Technical notes

                        TECHNICAL NOTES
Labor Hours: Hours data for the labor productivity and cost measures 
include hours for all persons working in the sector--wage and salary 
workers, the self-employed and unpaid family workers. The primary 
source of hours and employment data is the BLS Current Employment 
Statistics (CES) program, which provides monthly survey data on the 
number of jobs held by wage and salary workers in nonfarm 
establishments. The CES also provides average weekly paid hours of 
production and nonsupervisory workers in these establishments. Weekly 
paid hours are adjusted to hours at work using data from the National 
Compensation Survey (NCS). The BLS Hours at Work survey, conducted 
for this purpose, was used for earlier years. The Office of 
Productivity and Technology estimates average weekly hours at work 
for nonproduction and supervisory workers using information from the 
Current Population Survey (CPS), the CES, and the NCS.
     Data from the CPS are used for farm labor, nonfarm proprietors, 
and nonfarm unpaid family workers. Estimates of labor input for 
government enterprises are derived from the CPS, the CES, and the 
National Income and Product Accounts (NIPA) prepared by the Bureau of 
Economic Analysis (BEA) of the Department of Commerce.

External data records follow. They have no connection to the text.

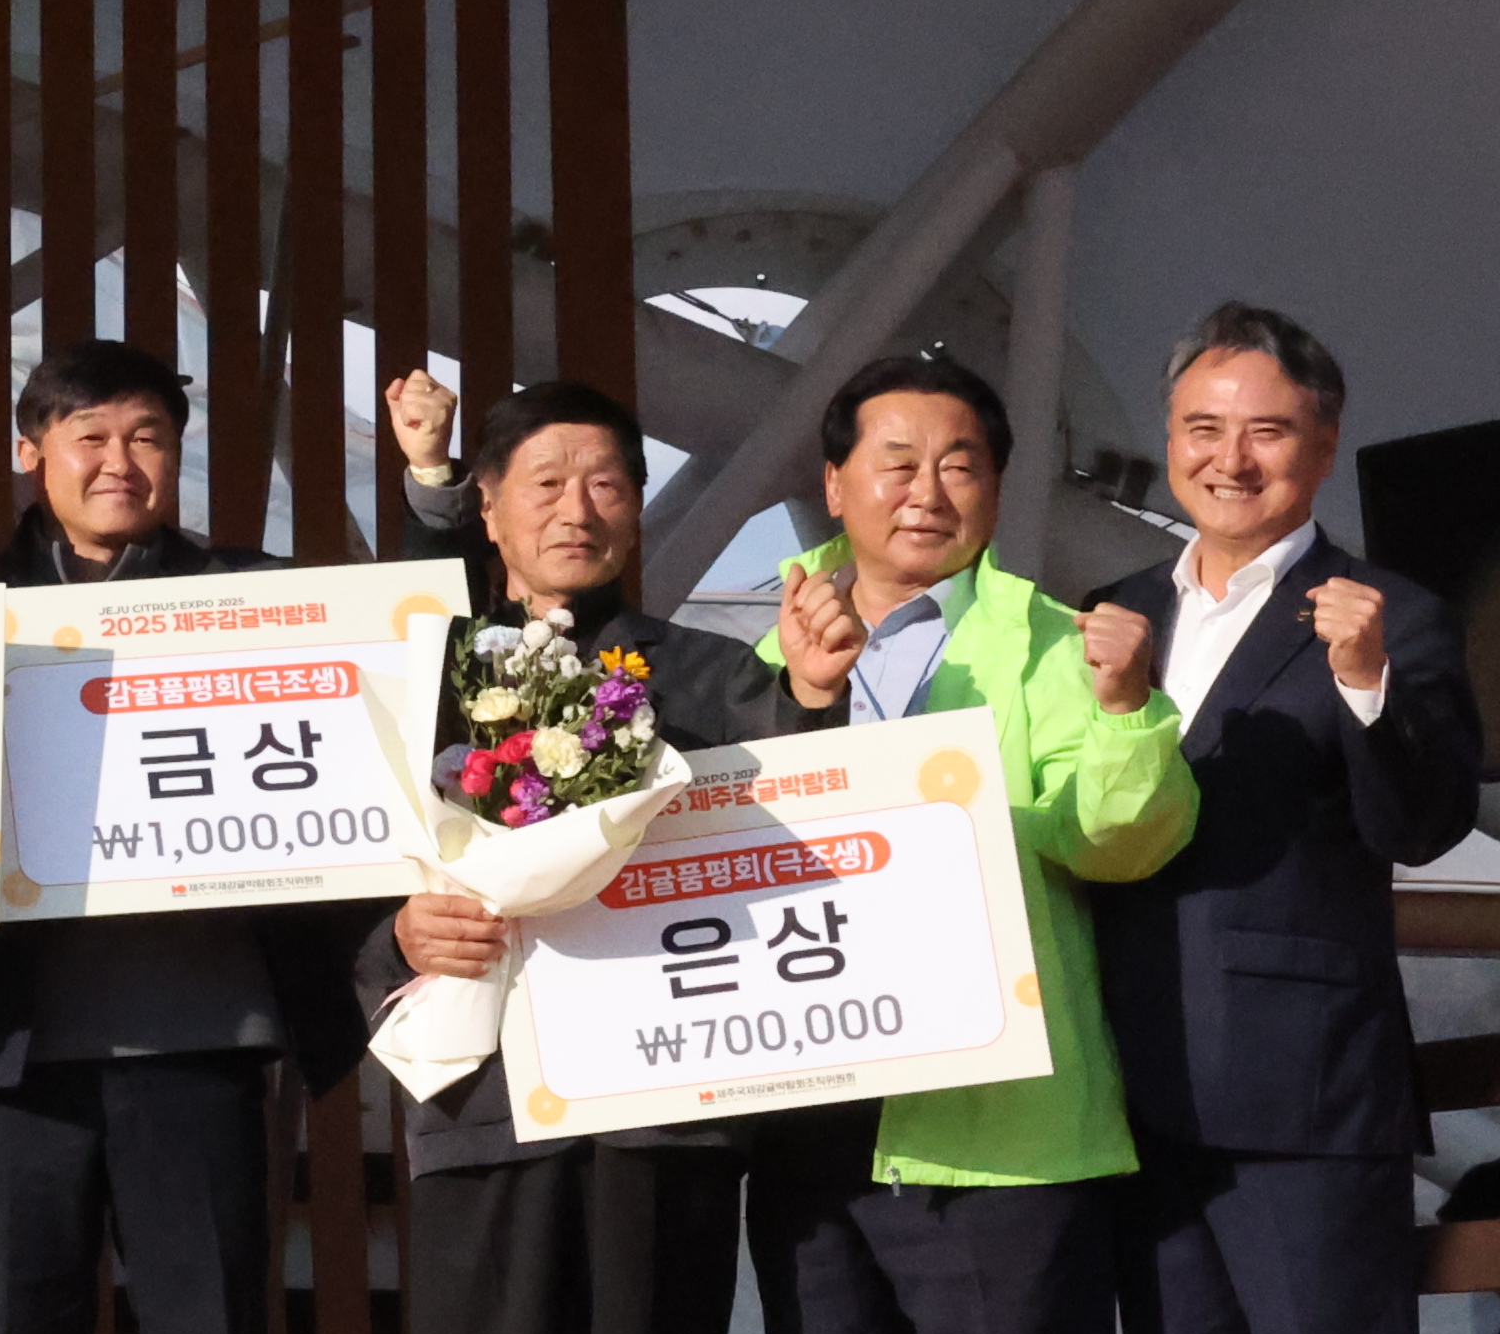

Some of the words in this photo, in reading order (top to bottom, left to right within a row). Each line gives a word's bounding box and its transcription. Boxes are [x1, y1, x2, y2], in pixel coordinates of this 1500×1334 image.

[99, 605, 130, 616] JEJU
[132, 602, 177, 614] CITRUS
[180, 599, 214, 610] EXPO
[218, 597, 245, 607] 2025
[100, 614, 167, 638] 2025
[173, 602, 327, 633] 제주감귤박람회
[104, 665, 350, 709] 감귤품평회(극조생)
[688, 767, 848, 812] 제주감귤박람회
[694, 772, 730, 786] EXPO
[733, 768, 761, 781] 2025
[621, 837, 875, 902] 감귤품평회(극조생)

     The CES measures jobs, counting a person who is employed by two 
or more establishments at each place of employment. In contrast, the 
CPS features measures of employment that count each person only once 
and classify each person according to his or her primary job; hours 
worked at all jobs by that person accrue to his or her primary job. 
However, the CPS also collects more detailed information on 
employment and hours worked at primary jobs and all other jobs, 
separately. The BLS productivity measures use the more detailed 
information on employment and hours to assign all hours worked to the 
correct industrial sector and avoid duplicating hours data from the 

Output: Business sector output is a chain-type, current-weighted 
index constructed after excluding from gross domestic product (GDP) 

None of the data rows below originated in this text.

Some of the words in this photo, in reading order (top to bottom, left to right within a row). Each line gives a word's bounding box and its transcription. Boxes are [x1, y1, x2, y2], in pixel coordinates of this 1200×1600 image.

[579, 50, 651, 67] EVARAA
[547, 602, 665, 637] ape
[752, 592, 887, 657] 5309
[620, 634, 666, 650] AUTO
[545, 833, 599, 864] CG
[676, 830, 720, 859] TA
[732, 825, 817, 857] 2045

the following outputs: general government, nonprofit institutions, 
and private households (including owner-occupied housing). 

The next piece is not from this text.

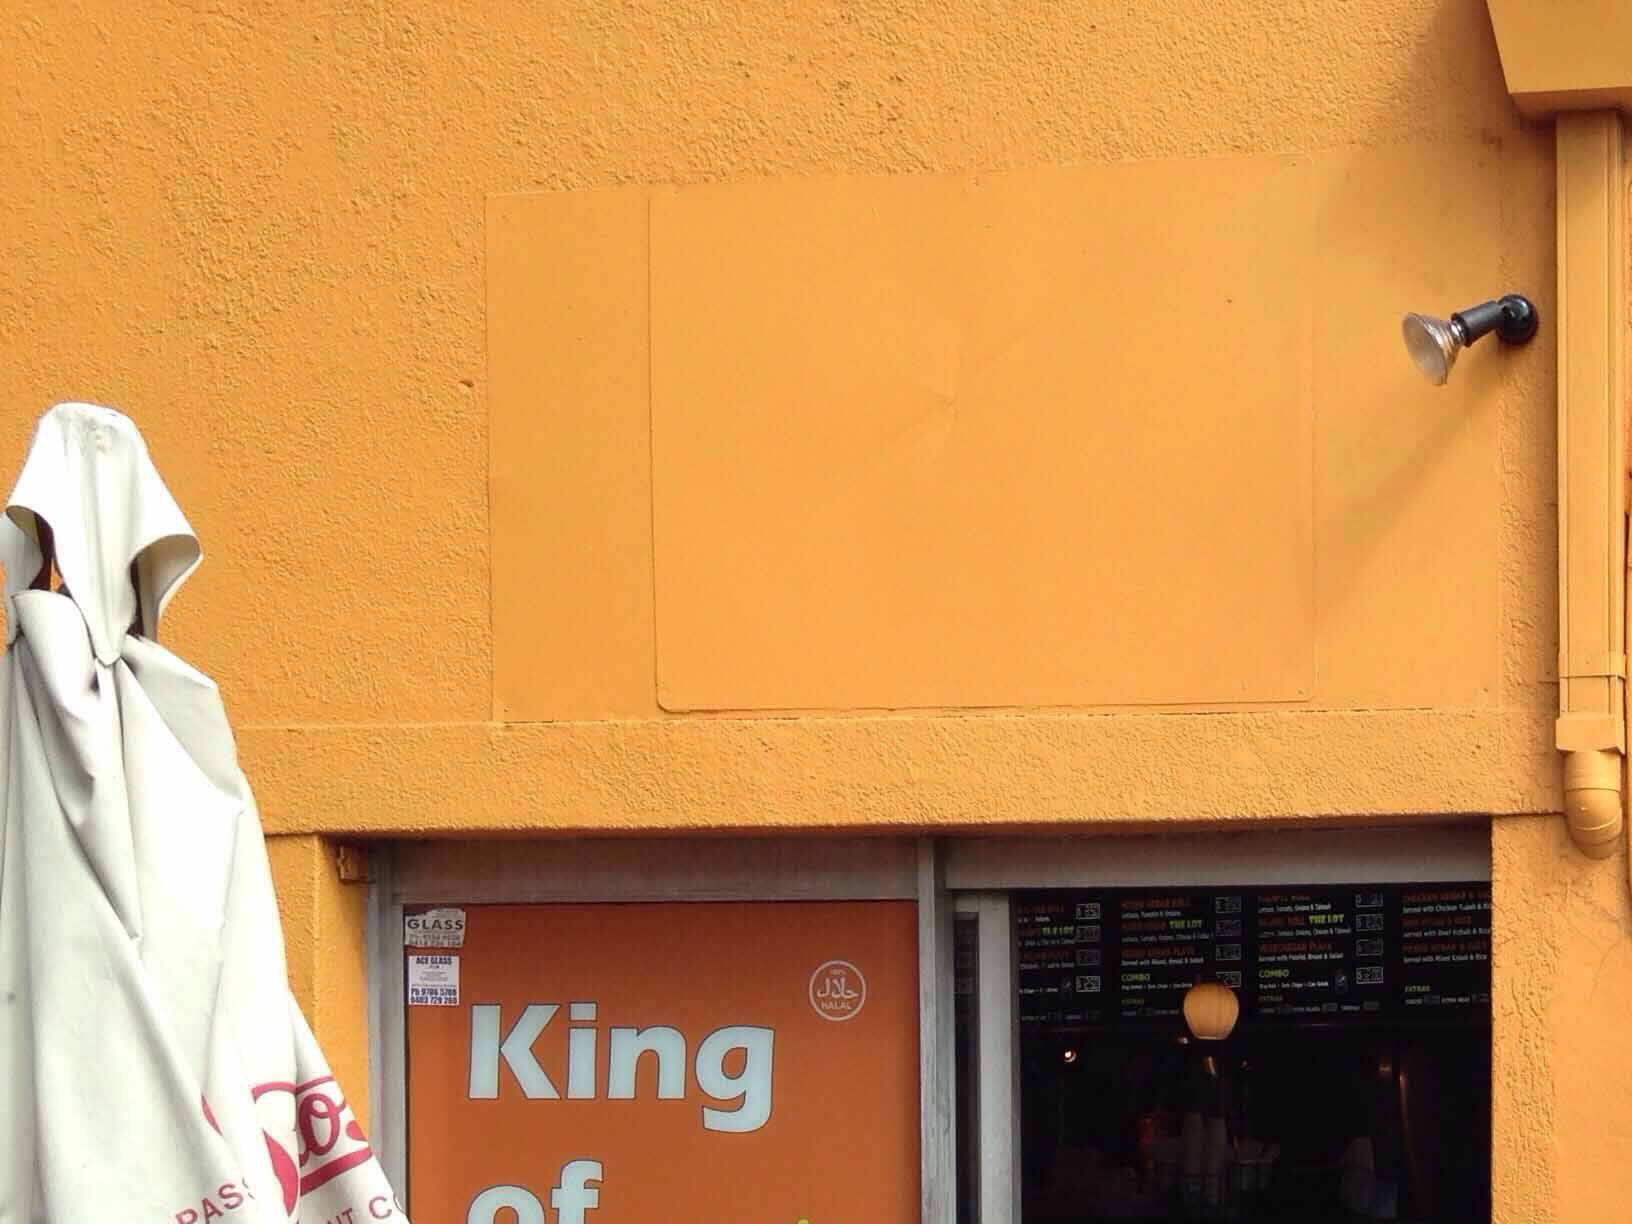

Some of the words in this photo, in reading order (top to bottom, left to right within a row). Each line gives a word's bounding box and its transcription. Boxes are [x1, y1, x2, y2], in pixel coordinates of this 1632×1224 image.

[407, 917, 465, 931] GLASS
[820, 1000, 853, 1011] HALAL
[467, 1002, 776, 1133] King

Corresponding exclusions also are made in labor inputs. Business 
output accounted for about 76 percent of the value of GDP in 2013. 
Nonfarm business, which excludes farming, accounted for about 74 
percent of GDP in 2013.
     Annual indexes for manufacturing and its durable and nondurable 
goods components are constructed by deflating current-dollar industry 
value of production data from the U.S. Bureau of the Census with 
deflators from the BLS. These deflators are based on data from the 
BLS producer price program and other sources. The industry shipments 
are aggregated using annual weights, and intrasector transactions are 
removed. Quarterly manufacturing output measures are based on the 
index of industrial production prepared monthly by the Board of 
Governors of the Federal Reserve System, adjusted to be consistent 
with annual indexes of manufacturing sector output prepared by BLS. 
Durables include the following 3-digit NAICS industries: wood product 
manufacturing; nonmetallic mineral product manufacturing; primary 
metal manufacturing; fabricated metal product manufacturing; 
machinery manufacturing; computer and electronic product 
manufacturing; electrical equipment and appliance manufacturing; 
transportation equipment manufacturing; furniture and related product 
manufacturing; and miscellaneous manufacturing. Nondurables include: 
food manufacturing; beverage and tobacco product manufacturing; 
textile mills; textile product mills; apparel manufacturing; leather 
and allied product manufacturing; paper manufacturing; printing and 
related support activities; petroleum and coal products 
manufacturing; chemical manufacturing; and plastics and rubber 
products manufacturing.
     Nonfinancial corporate output is a chain-type, current-weighted 
index calculated on the basis of the costs incurred and the incomes 
earned from production.  The output measure excludes the following 
outputs from GDP: general government; nonprofit institutions; private 
households; unincorporated business; and those corporations 
classified as offices of bank holding companies, offices of other 
holding companies, or offices in the finance and insurance sector. 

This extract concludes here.